No es aislada la propuesta del rugby, ni la lucha de Julián. La historia del barrio generó espacios de contención y formación para sus pibes, construcciones que no están en venta ni en peligro de derrumbe. “Acá hubo mucho sacrificio y mucha sangre derramada como para regalar este lugar. Por esta tierra murieron Lucía Cullen, el padre Mugica, el hijo de Nora Cortiñas... Tenemos 15 desaparecidos en el barrio y eso no se negocia. Con humildad, nos sentimos continuadores de toda esa lucha. Y sería bueno saber cuántos muertos se han generado en las villas desde los ’90, pero de esa inseguridad no se habla. La baja de la imputabilidad es un verso de los que lucran con esta sociedad injusta. Si los pibes salen a delinquir es porque no tienen la posibilidad de estar integrados a algo, o de ocupar su vida en otra cosa.
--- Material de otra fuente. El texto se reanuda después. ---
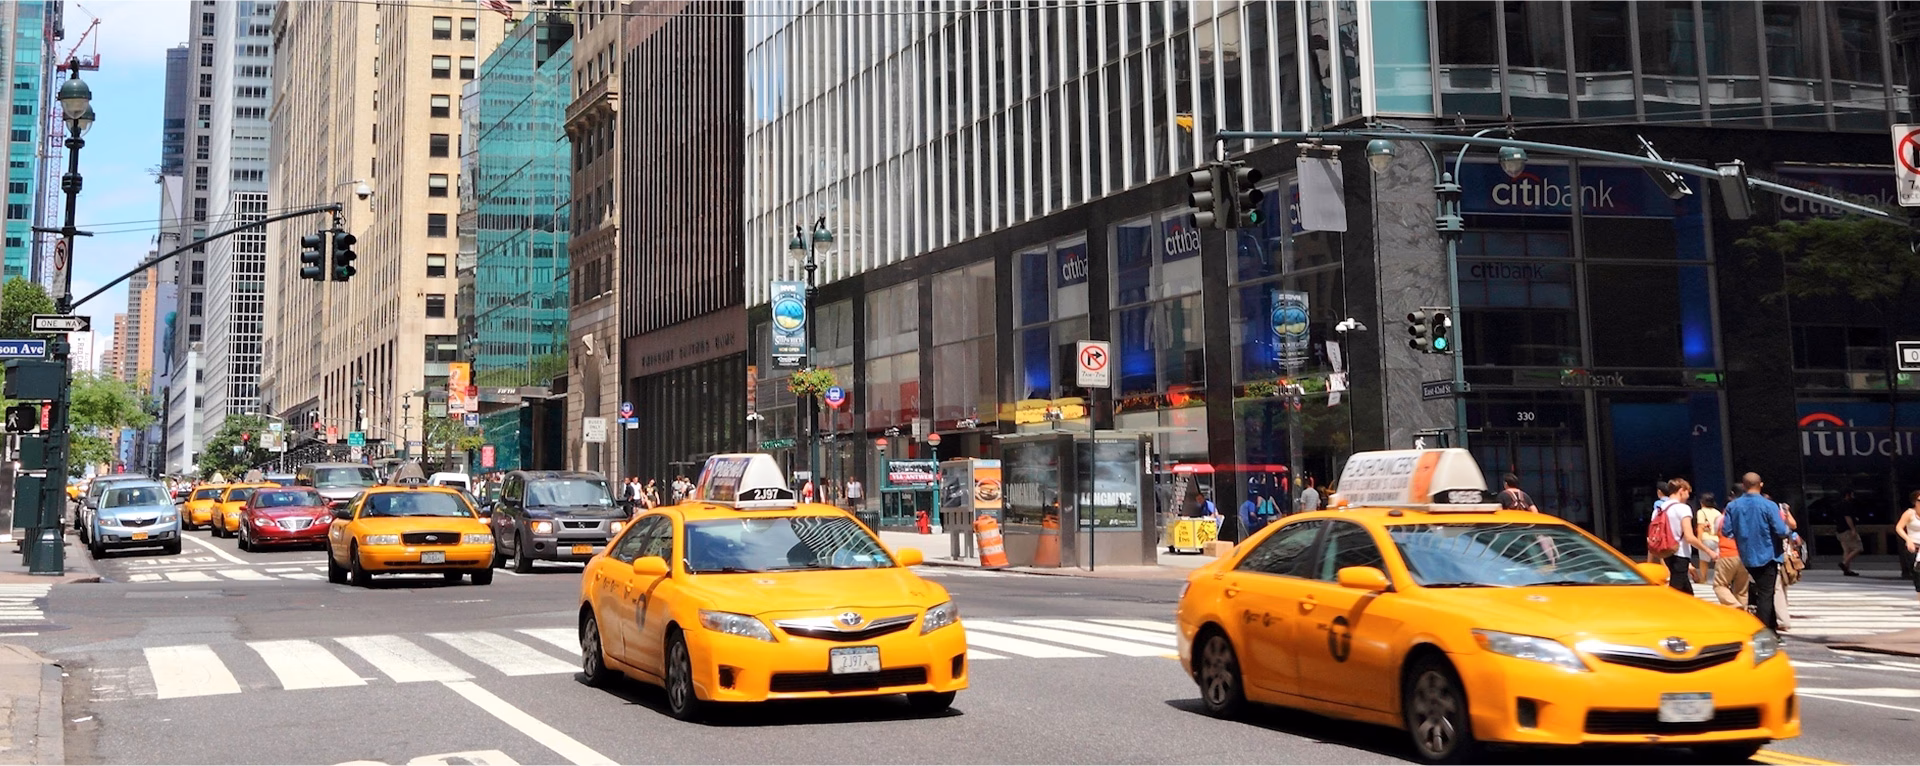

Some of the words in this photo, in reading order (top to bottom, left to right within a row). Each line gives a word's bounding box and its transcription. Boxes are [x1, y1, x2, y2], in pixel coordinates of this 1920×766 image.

[1491, 177, 1615, 208] citibank
[1165, 228, 1200, 256] citiba
[1471, 262, 1545, 279] citibank
[21, 344, 44, 354] Ave
[1517, 411, 1535, 421] 330
[754, 488, 779, 500] 2J97
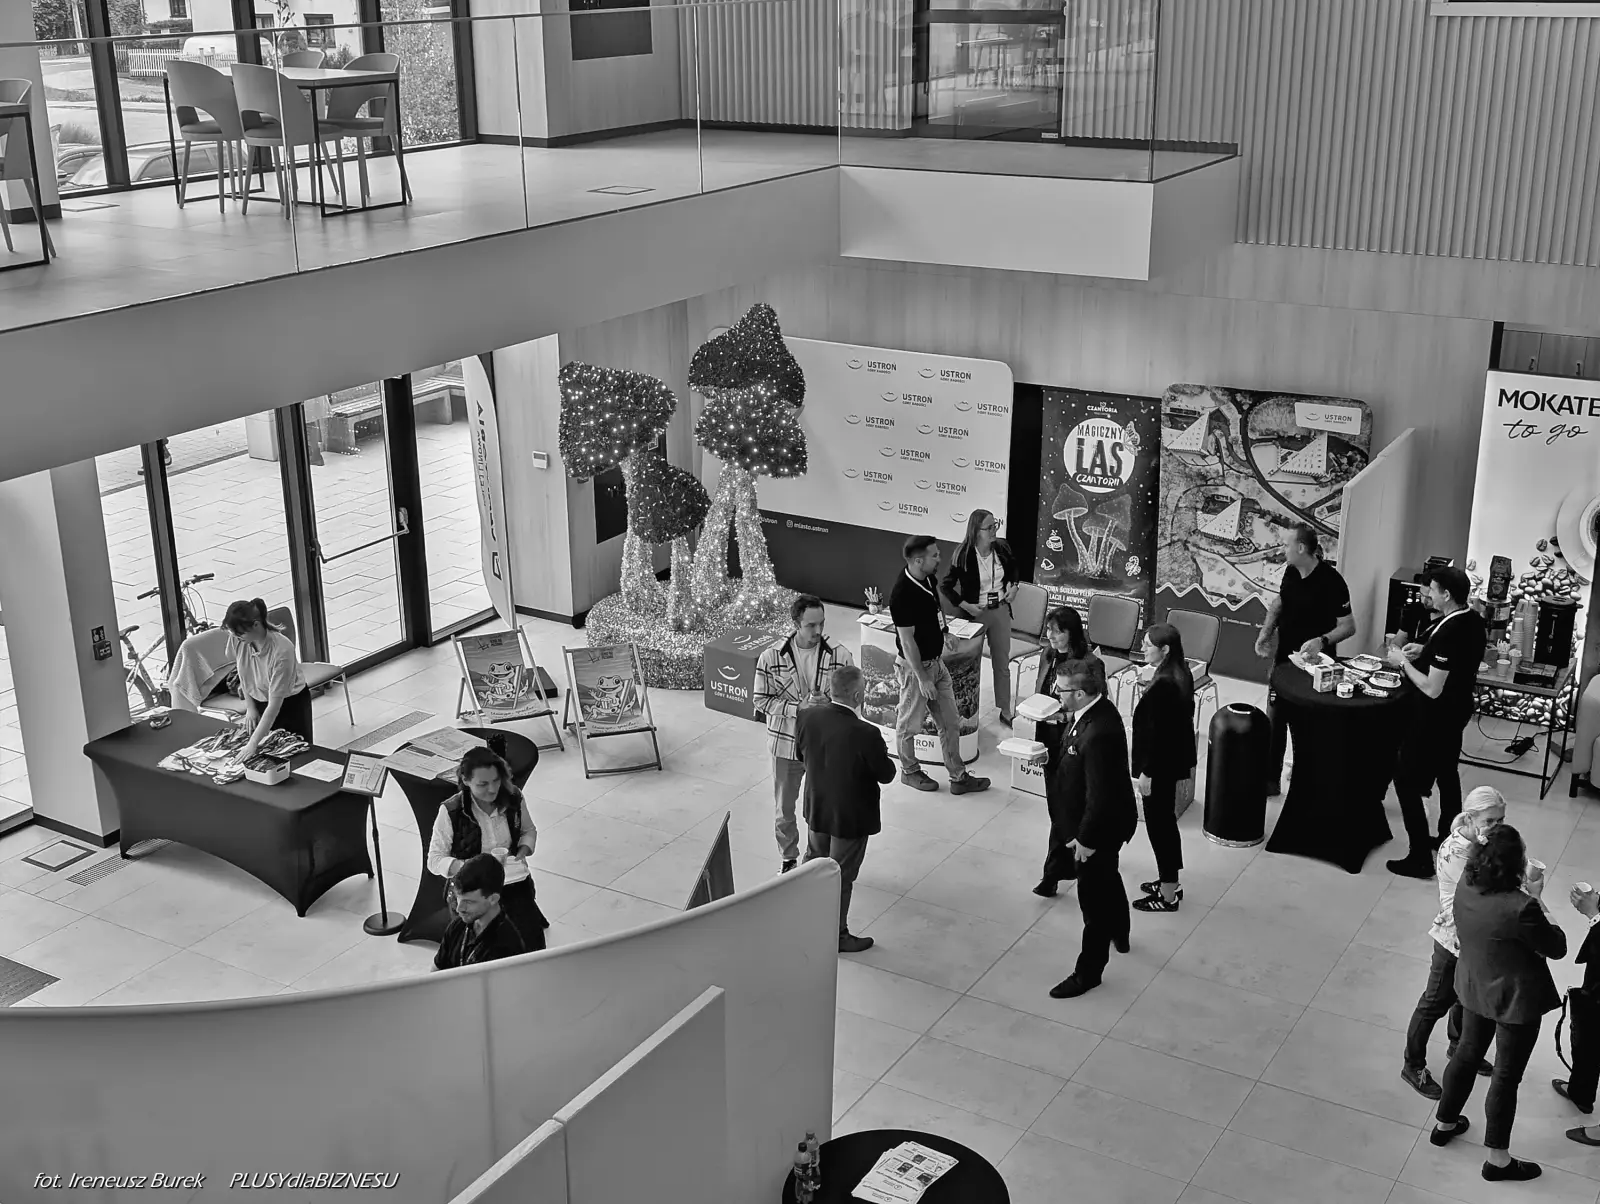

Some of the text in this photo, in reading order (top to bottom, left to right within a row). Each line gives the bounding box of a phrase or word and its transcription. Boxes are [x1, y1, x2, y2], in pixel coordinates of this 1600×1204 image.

La única solución para la violencia, o la inseguridad como ellos dicen, es integrar a los pibes.”
Del lado sin pintura de la medianera con la autopista, la organización comunitaria de la 31 en la lucha contra el paco crece y se fortalece con el esfuerzo voluntario de los vecinos. “En El Campito, donde también se da la merienda y se trabaja en una huerta comunitaria, hay compañeros que ofrecen asesoría jurídica, apoyo escolar y otras actividades. Pero además, existen en el barrio un montón de comedores, cooperativas de mujeres de trabajo, grupos de recreación, espacios para la salud, asociaciones contra la droga... Sería bueno que los medios mostraran eso, para terminar con la falsa imagen que existe del barrio, como si acá fuéramos todos vagos, o fuésemos los causantes de la inseguridad. Esos prejuicios se basan en el desconocimiento de la realidad”, manifiesta Julián, que tiene 43 años y pelea desde hace cuatro por la construcción de la sede del club El Campito, “sin que venga ni un solo ladrillo gratis, como anda diciendo alguno por ahí”.
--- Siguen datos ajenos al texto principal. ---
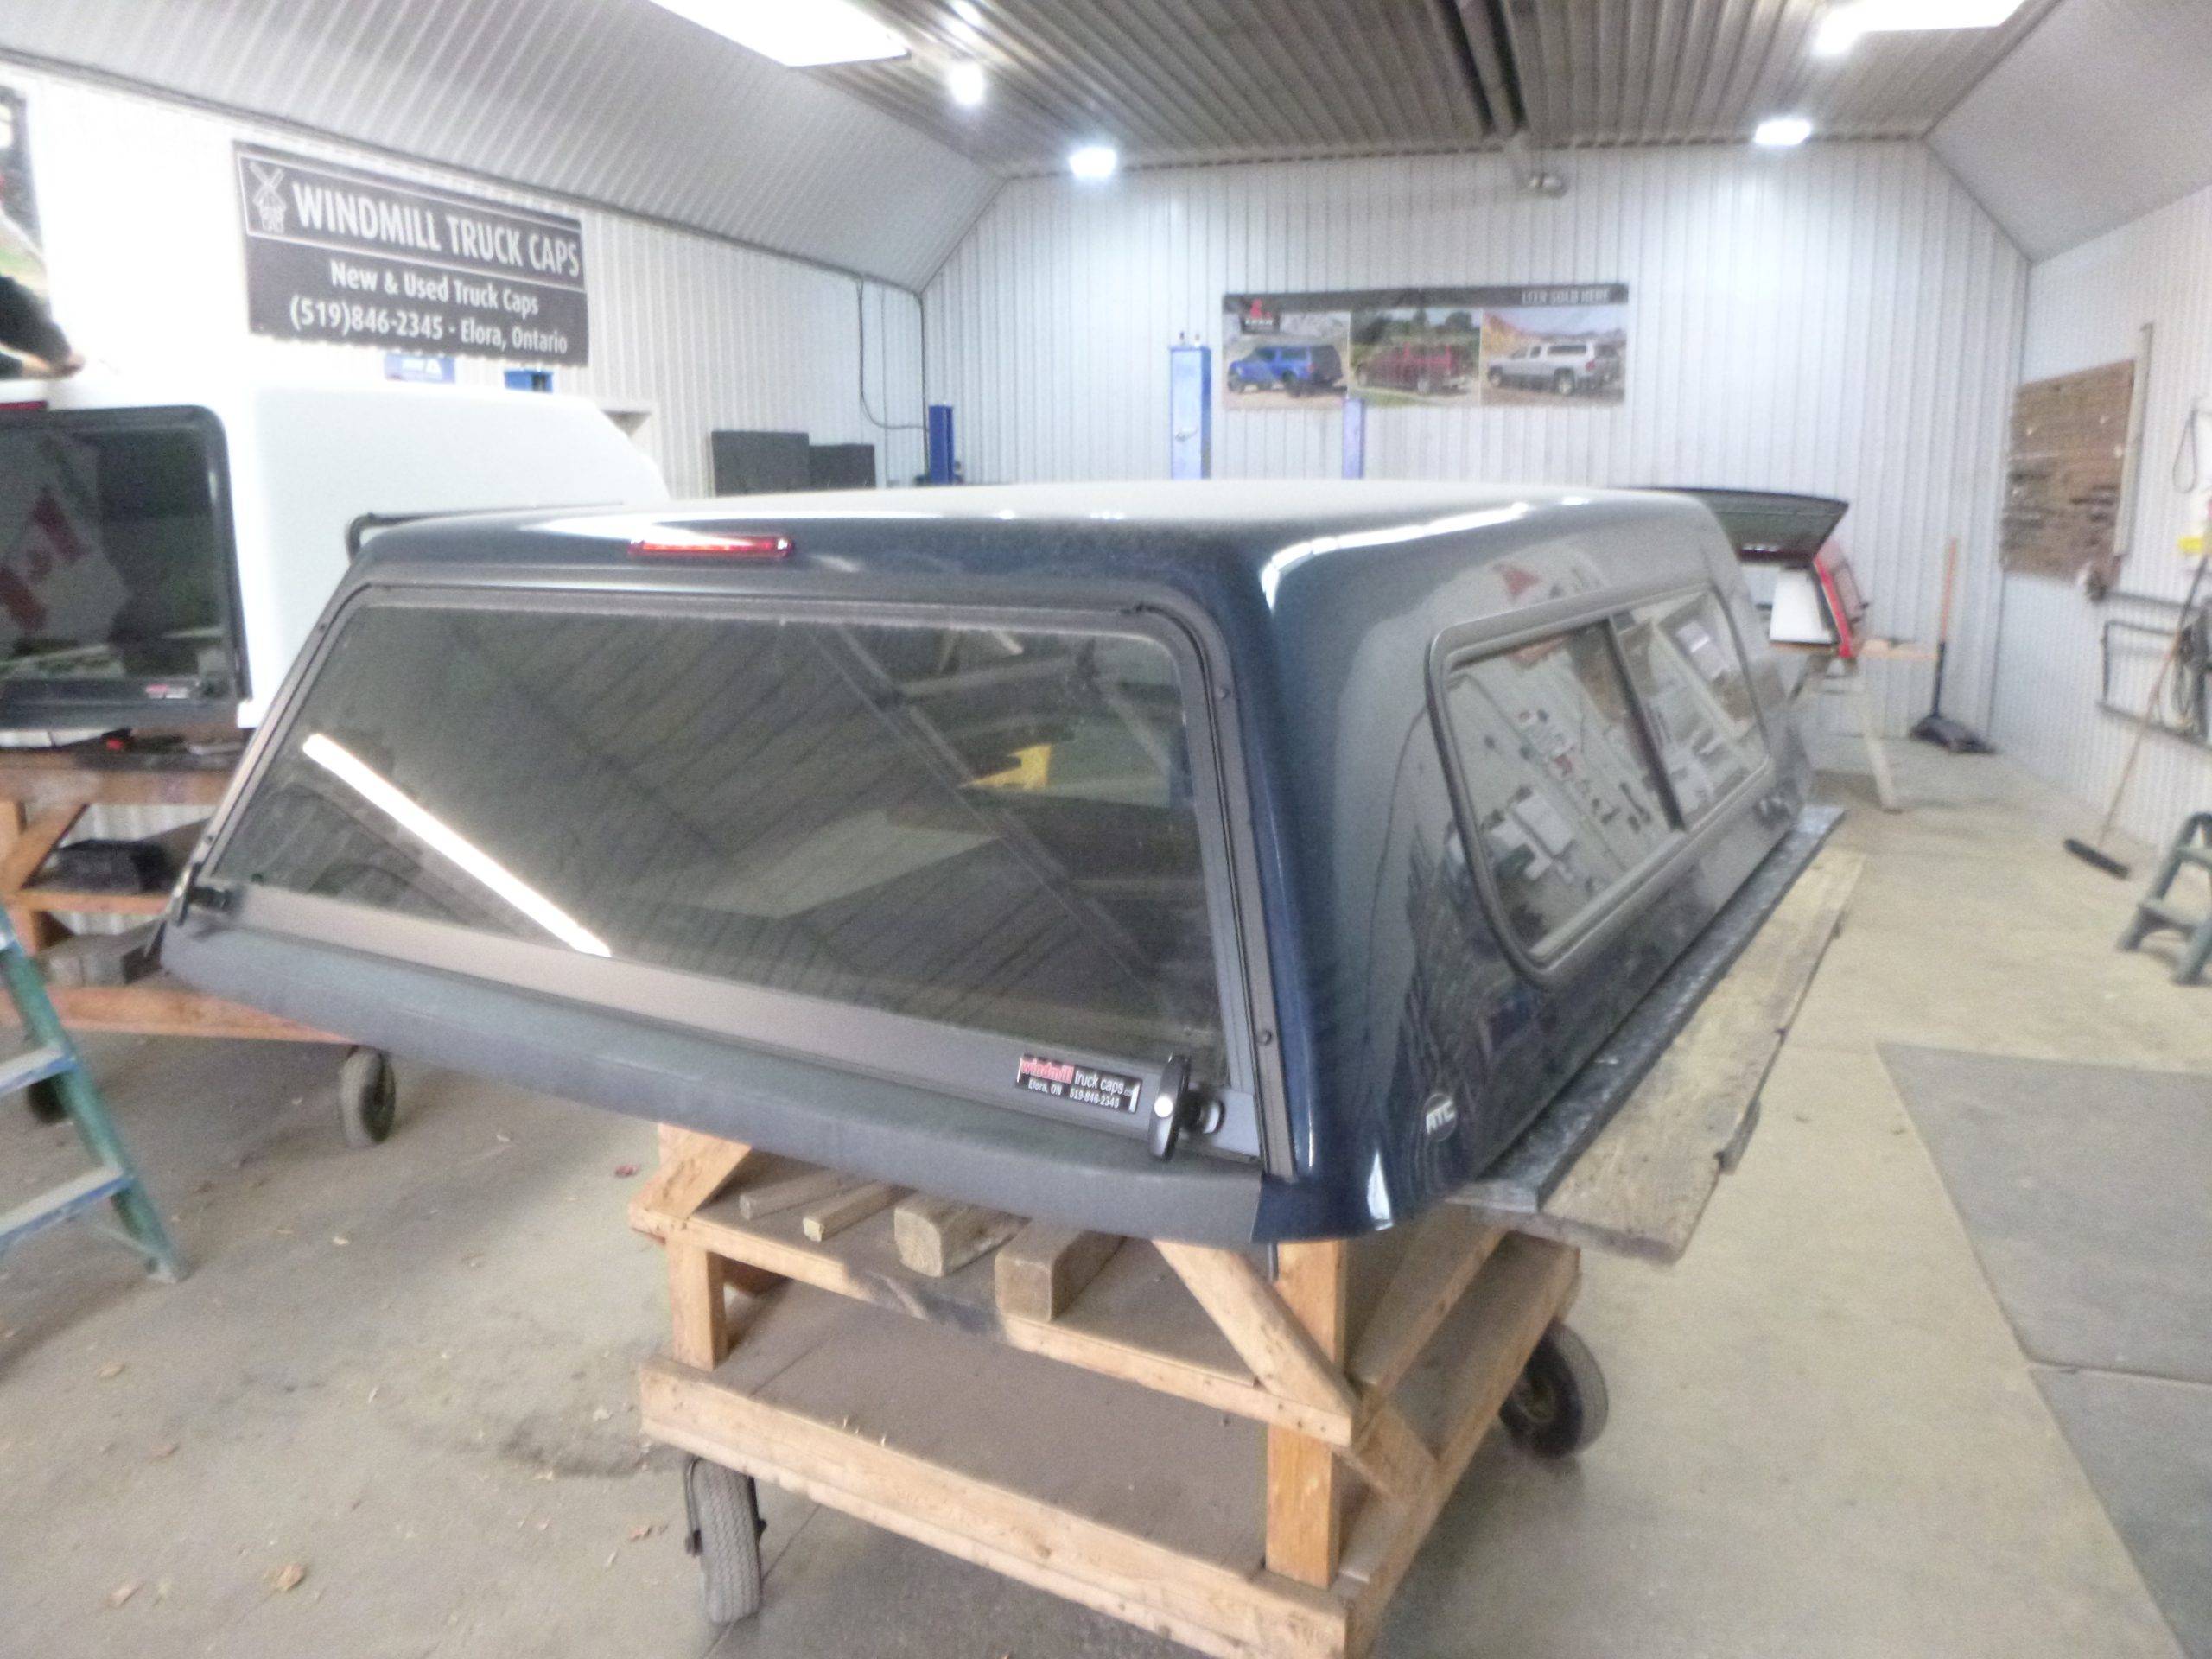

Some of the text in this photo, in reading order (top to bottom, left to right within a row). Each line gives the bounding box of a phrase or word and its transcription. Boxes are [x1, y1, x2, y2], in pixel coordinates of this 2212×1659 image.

[292, 182, 580, 277] WINDMILL TRUCK CAPS
[330, 259, 539, 320] New & Used Truck Caps
[290, 294, 443, 340] (519)846-2345
[460, 316, 506, 351] Elora,
[512, 324, 568, 354] Ontario
[1020, 1058, 1074, 1084] windmill
[1074, 1070, 1099, 1089] truck
[1050, 1083, 1063, 1096] ON
La pelota va de mano en mano, en el último juego del entrenamiento. Y mientras tanto, a las palabras de Wald las rellena de historia Axel Rua, que apenas tiene 11 años: “En este barrio vivía el padre Mugica, un señor que defendió la villa hace mucho tiempo. Cuando él salía de la iglesia, unos terroristas le pegaron siete tiros, porque él defendía a nuestro pueblo y a los políticos eso no les gustaba. Ahora, nosotros sentimos que defendemos al barrio cuando vamos a jugar al rugby, porque es un juego que ayuda a mostrar que la villa no sólo es peligrosa. Acá también se puede jugar”.